What is required:
All of the records that follow need to be copied word for word, without the pictures.
[Opening Task data section]
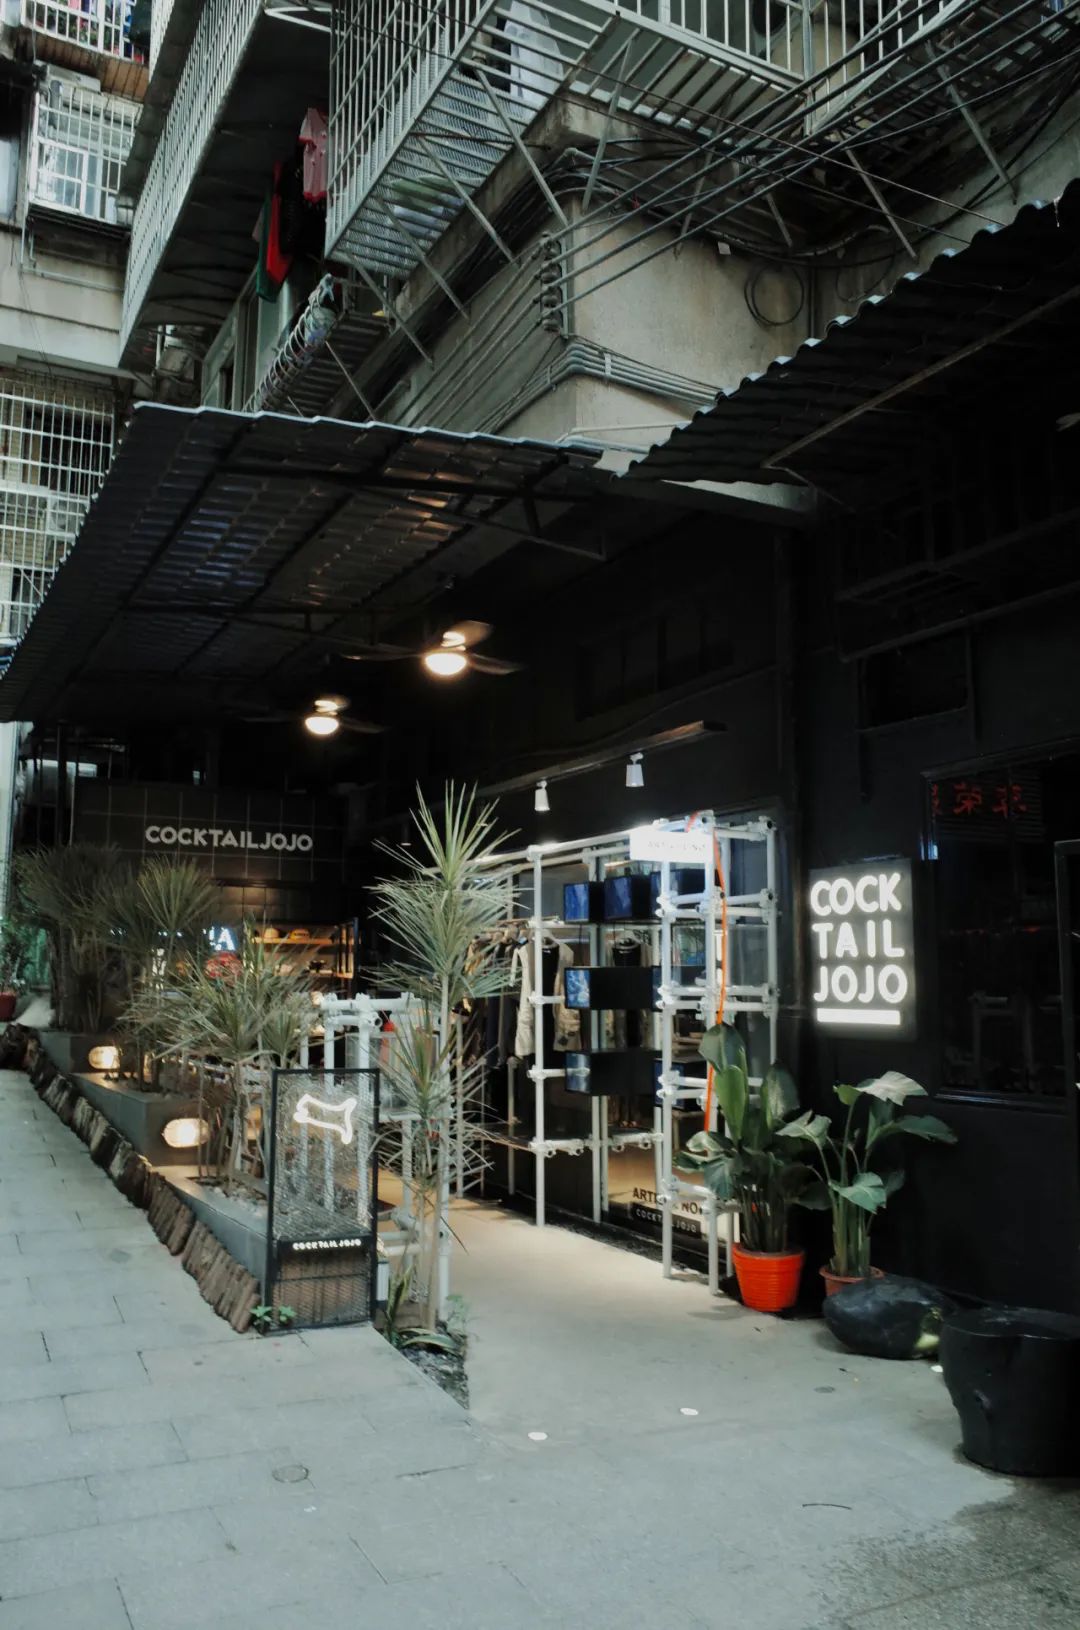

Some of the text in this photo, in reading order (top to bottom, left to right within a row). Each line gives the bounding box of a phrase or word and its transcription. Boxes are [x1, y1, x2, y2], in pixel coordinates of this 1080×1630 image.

[810, 872, 902, 917] COCK
[811, 919, 905, 959] TAIL
[813, 964, 908, 1004] JOJO
[339, 1238, 362, 1248] JOJO
[Closing Task data section]
Answer:
Some of the text in this photo, in reading order (top to bottom, left to right within a row). Each line gives the bounding box of a phrase or word and its transcription. Boxes are [x1, y1, x2, y2], in pixel coordinates of this 1080×1630 image.

[810, 872, 902, 917] COCK
[811, 919, 905, 959] TAIL
[813, 964, 908, 1004] JOJO
[339, 1238, 362, 1248] JOJO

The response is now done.